TOTABUAN.CO-Direktur Eksekutif Institute of Defense and Security Studies, Connie Rahakundini, menyatakan proyek pesawat tempur Korea Fighter Xperiment/Indonesia Fighter Xperiment (KF-X/IF-X) akan berdampak positif bagi pertahanan Republik Indonesia, jika berhasil.
“Dampaknya pasti positif jika Indonesia mampu membangun industri pesawat tempur. Tapi kekhawatiran saya, industri pertahanan ini sekadar euforia. Tak dipikirkan lebih matang dan tidak dibarengi dengan perubahan strategi dan doktrin pertahanan,” kata Connie.
Analis pertahanan dan militer Universitas Indonesia itu mengkritik strategi dan doktrin pertahanan Indonesia yang sampai saat ini terkesan masih inward looking, sehingga terlihat belum selaras dengan langkah dan tujuan negara mengembangkan industri pesawat tempur.
“Jika ingin membangun industri pertahanan, khususnya Angkatan Udara dan Angkatan Laut, Indonesia perlu mengubah orientasi pertahanannya. Tak masuk akal membangun industri pesawat tempur, tapi armada Angkatan Udara Indonesia masih kecil seperti sekarang ini,” ujar Connie.
Strategi pertahanan yang cenderung indward looking itu, kata penulis buku ‘Pertahanan Indonesia dan Postur TNI Ideal’ itu, mesti diubah menjadi outward looking. Terlebih Indonesia kini memiliki visi menjadi poros maritim dunia.
Doktrin pertahanan, kata Connie, juga harus diganti dari defensif aktif menjadi ofensif pasif. “Jadi jauh sebelum musuh masuk dan mengancam, Indonesia sudah bisa men-deter (menggentarkan) ‘musuh-musuhnya’ untuk tidak berani macam-macam.”
Dengan doktrin ofensif aktif, ujar Connie, Angkatan Laut dan Angkatan Udara mesti mampu mengawasi dua samudra yang memagari Indonesia, Pasifik dan Hindia. AL, kata Connie, juga harus dibangun menjadi green-water navy yang berjaga di zona litoral negaranya sekaligus memiliki kompetensi untuk beroperasi di lautan terbuka sekeliling negaranya.

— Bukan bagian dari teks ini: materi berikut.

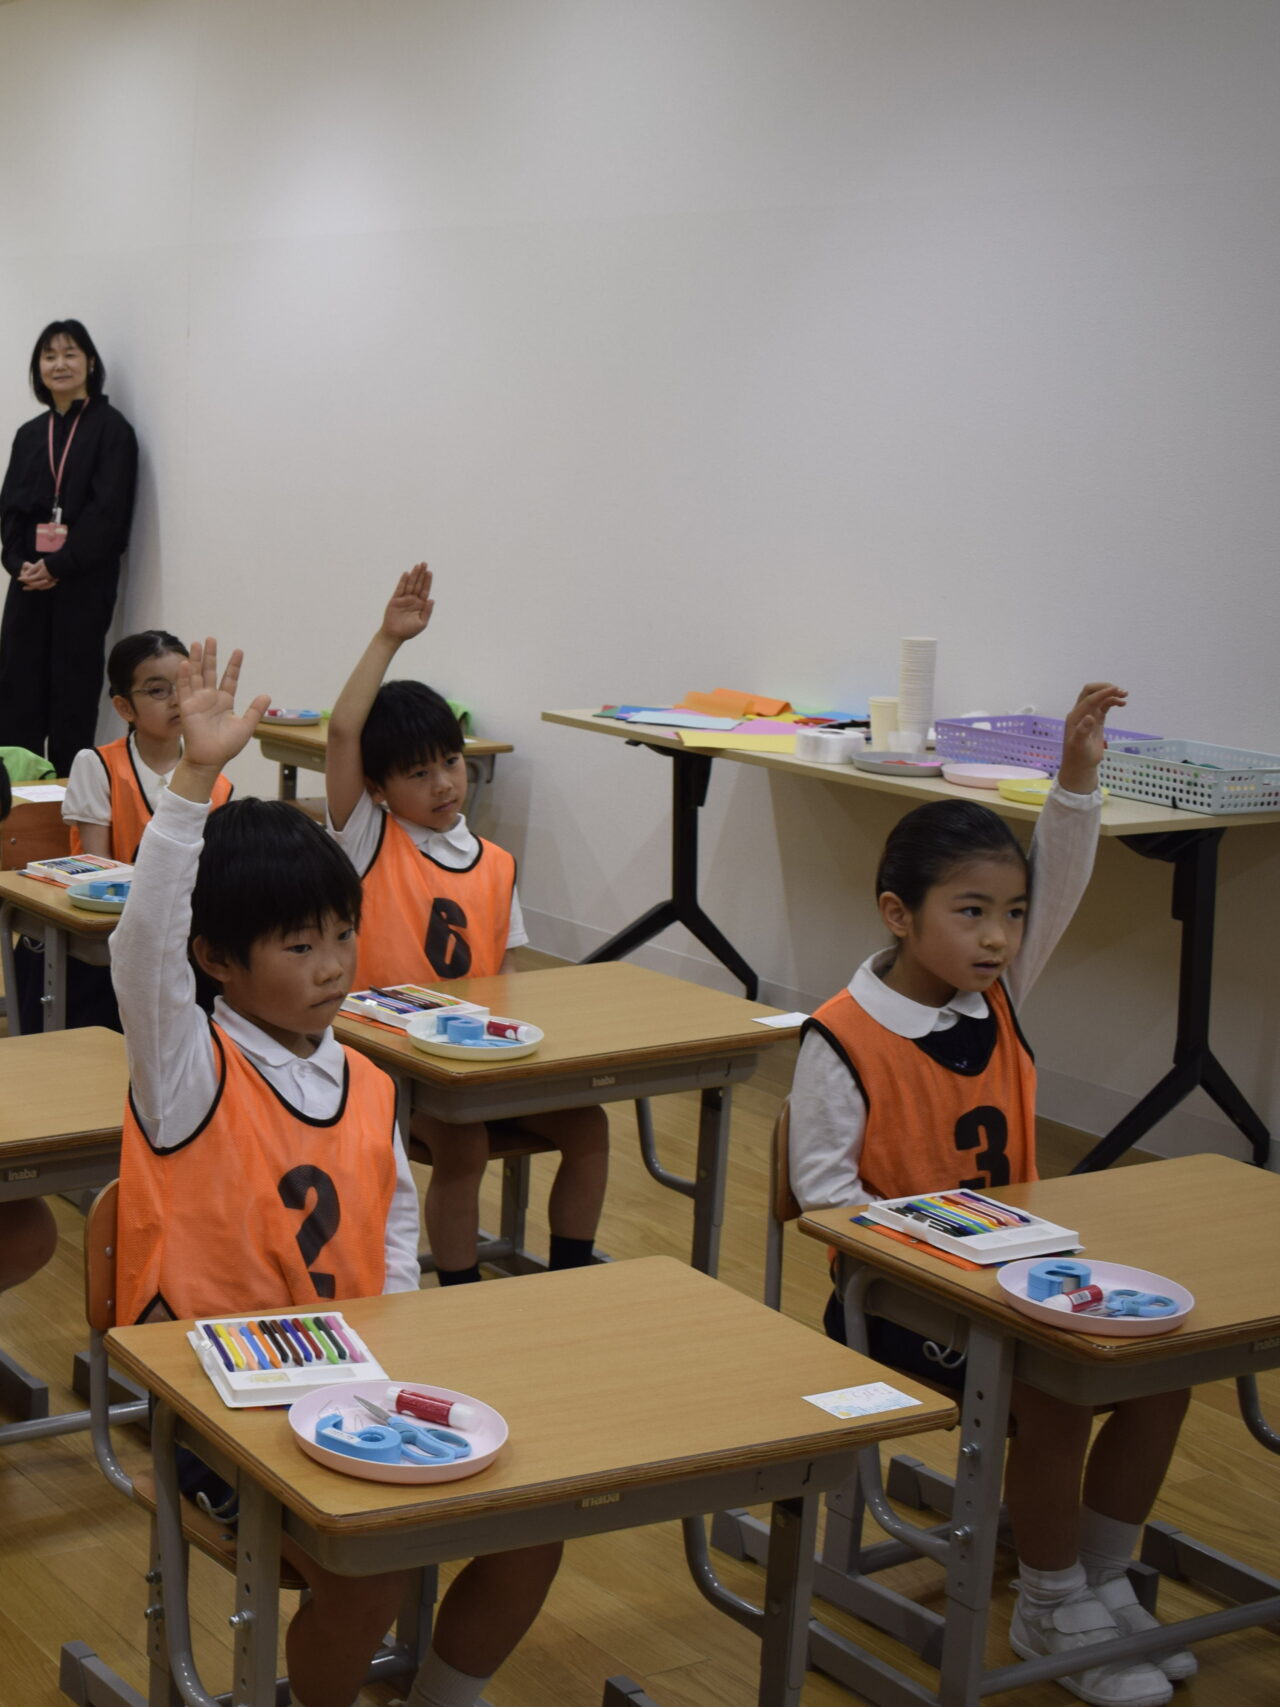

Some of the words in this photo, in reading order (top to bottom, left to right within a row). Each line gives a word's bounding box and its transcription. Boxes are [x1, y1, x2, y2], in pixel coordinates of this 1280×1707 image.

[424, 897, 472, 979] 6
[954, 1105, 1010, 1190] 3
[277, 1164, 340, 1299] 2

Andai KF-X/IF-X berhasil, ujar Connie, jet itu memang dapat menimbulkan efek gentar (deterrence effect). Efek itu bisa terjadi jika transfer teknologi pesawat tempur sungguh terjadi sehingga Indonesia nantinya mampu mengembangkan teknologi jet tempur secara mandiri.
Soal transfer teknologi ini, Menteri Pertahanan Ryamizard Ryacudu menyatakan akan terus memantaunya. “Bulan ini mau saya cek. Saya mau tahu langsung. Transfer teknologi harus berjalan sampai Indonesia mampu membuat (pesawat tempur) sendiri.”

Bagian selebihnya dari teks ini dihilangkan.